6. Il incombe à l'administration d'établir que la proposition de rectification est parvenue en temps utile au contribuable pour interrompre le délai de reprise prévu par les dispositions précitées. En cas de retour à l'expéditeur du pli recommandé contenant le document, le contribuable ne peut être regardé comme l'ayant reçu que s'il est notamment établi qu'il a été avisé, par la délivrance d'un avis de passage, de ce que le pli était à sa disposition au bureau de poste dont il relève. Cette preuve peut résulter soit des mentions précises, claires et concordantes portées sur l'enveloppe, soit, à défaut, d'une attestation de l'administration postale ou d'autres éléments de preuve. lorsque des dispositions prévues par l'instruction de la direction générale de la Poste en date du 6 septembre 1990 relatives à la distribution des plis recommandés n'ont pas été respectées, il incombe au juge de rechercher si ces omissions revêtaient ou non un caractère substantiel, compte tenu des garanties pratiques que ces dispositions confèrent au destinataire du pli.

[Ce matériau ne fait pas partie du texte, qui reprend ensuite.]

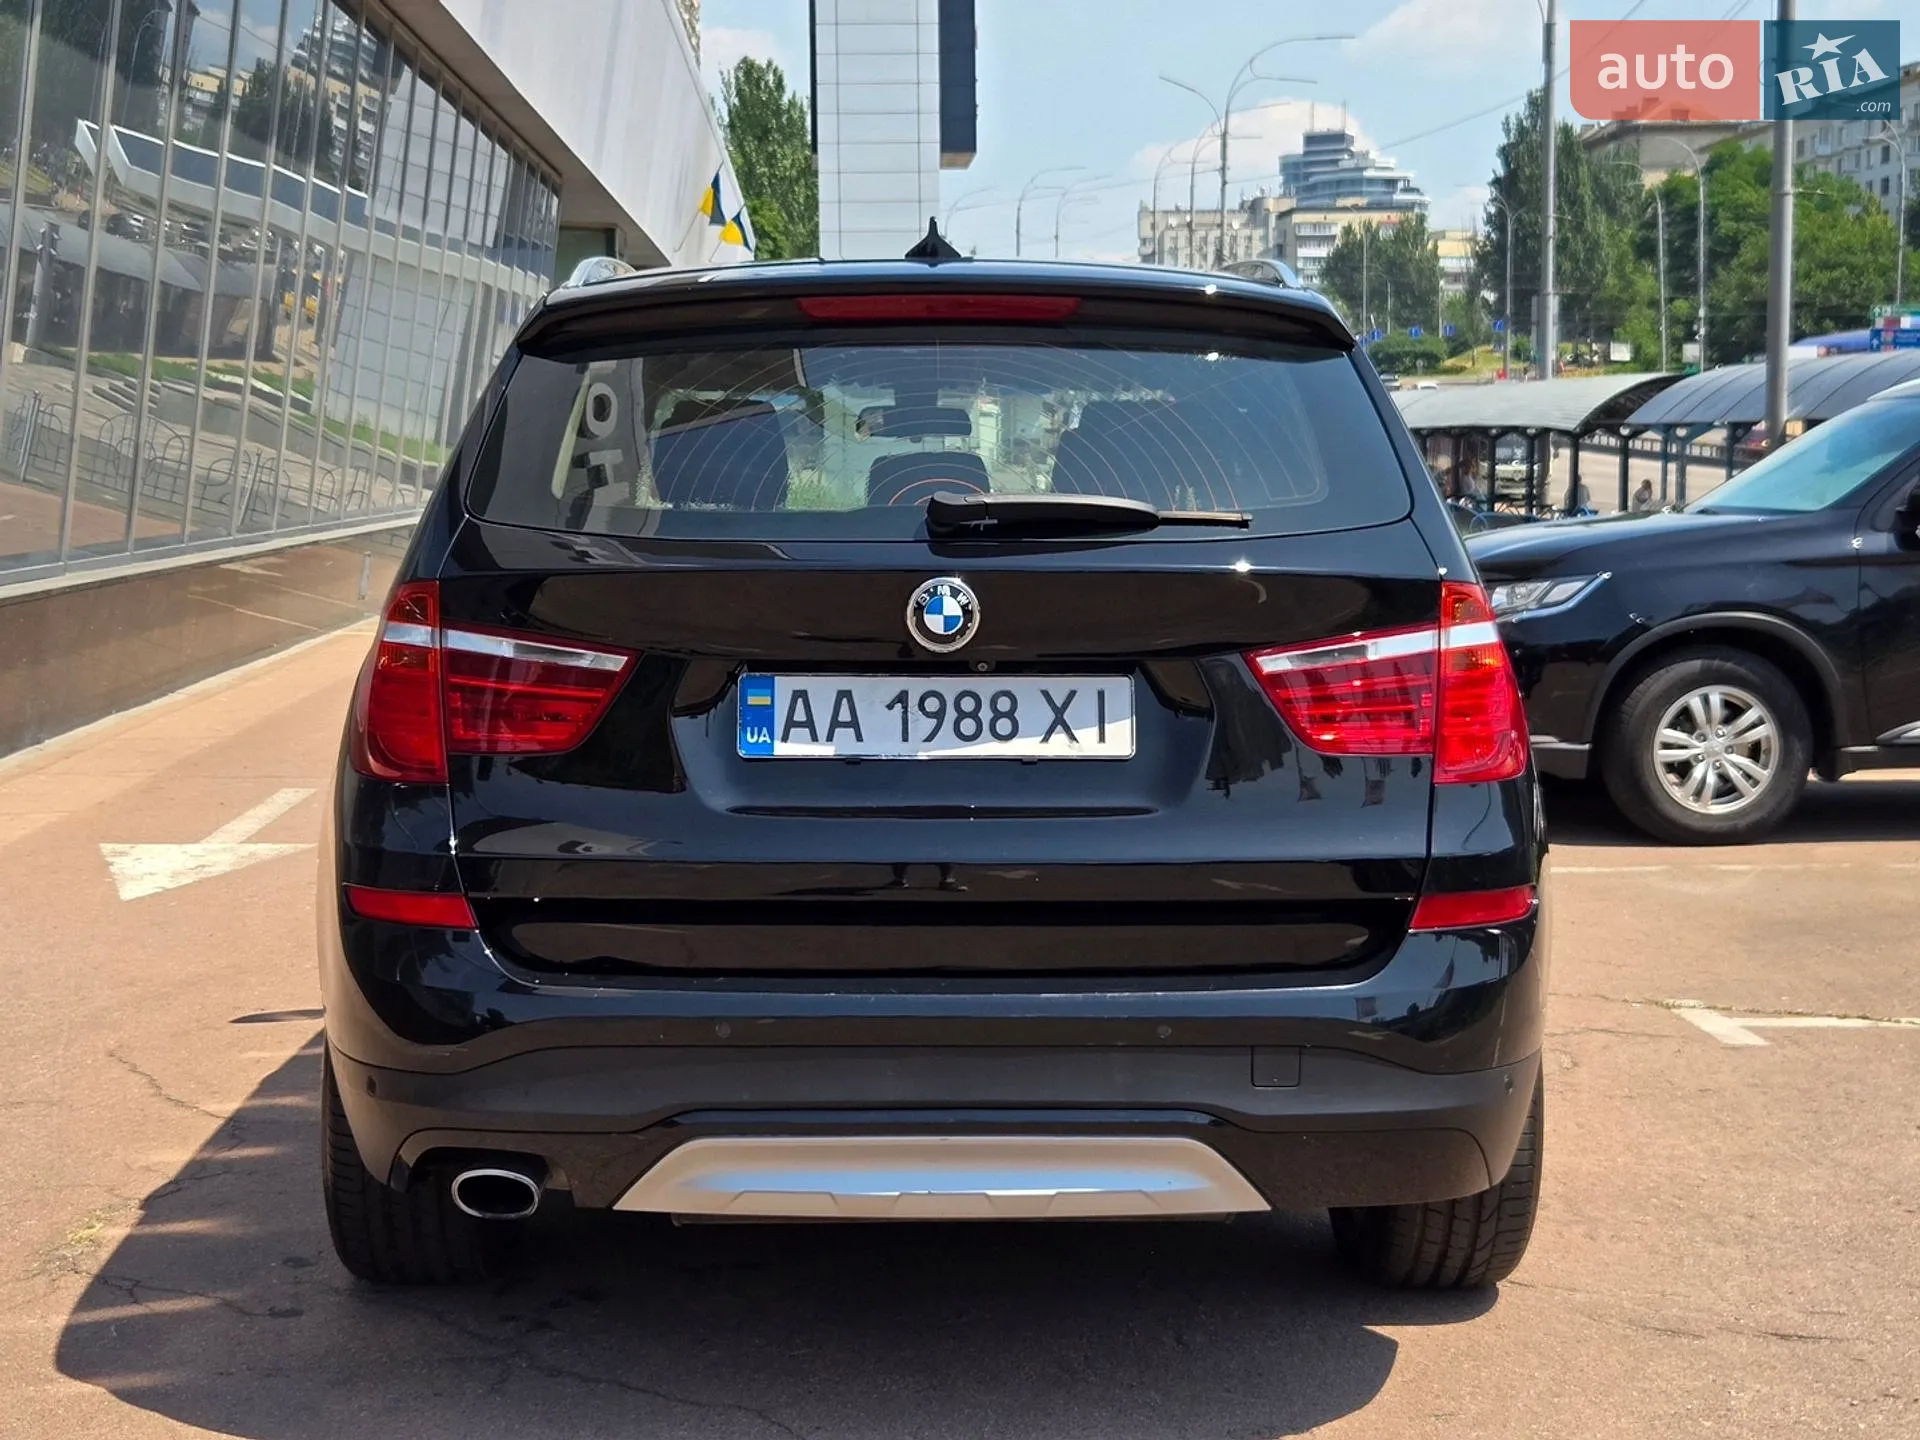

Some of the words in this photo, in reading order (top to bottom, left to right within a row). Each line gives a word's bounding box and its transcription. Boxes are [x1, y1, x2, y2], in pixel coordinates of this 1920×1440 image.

[917, 585, 969, 606] BMW
[781, 689, 864, 743] AA
[885, 689, 1020, 743] 1988
[1039, 689, 1106, 744] XI
[746, 727, 772, 744] UA

7. Il résulte de l'instruction que l'enveloppe contenant la proposition de rectification du 17 décembre 2013 a été expédiée le même jour par l'administration fiscale à l'adresse de l'EURL Fernando Puatto. Le pli a été présenté à la société le 18 décembre 2013 et a été mis en instance faute d'avoir été distribué. Le pli a été retourné avec la mention " pli avisé non réclamé ". Par ailleurs la rubrique " présenté le " de l'avis de réception retourné à l'administration est complétée par la mention manuscrite de la date du 18 décembre 2013. Ces éléments sont suffisamment clairs, précis et concordants pour établir que l'EURL Fernando Puatto a été régulièrement avisée dès le 18 décembre 2013 de ce que ce pli était à sa disposition au bureau de poste dont elle relevait pendant la durée réglementaire. Il s'ensuit que la société requérante n'est pas fondée à soutenir qu'elle n'aurait pas été destinataire de la proposition de rectification du 17 décembre 2013 lui notifiant les rappels en litige. Elle n'est par suite pas fondée à soutenir qu'elle aurait été privée des voies de recours prévues par la charte du contribuable vérifié.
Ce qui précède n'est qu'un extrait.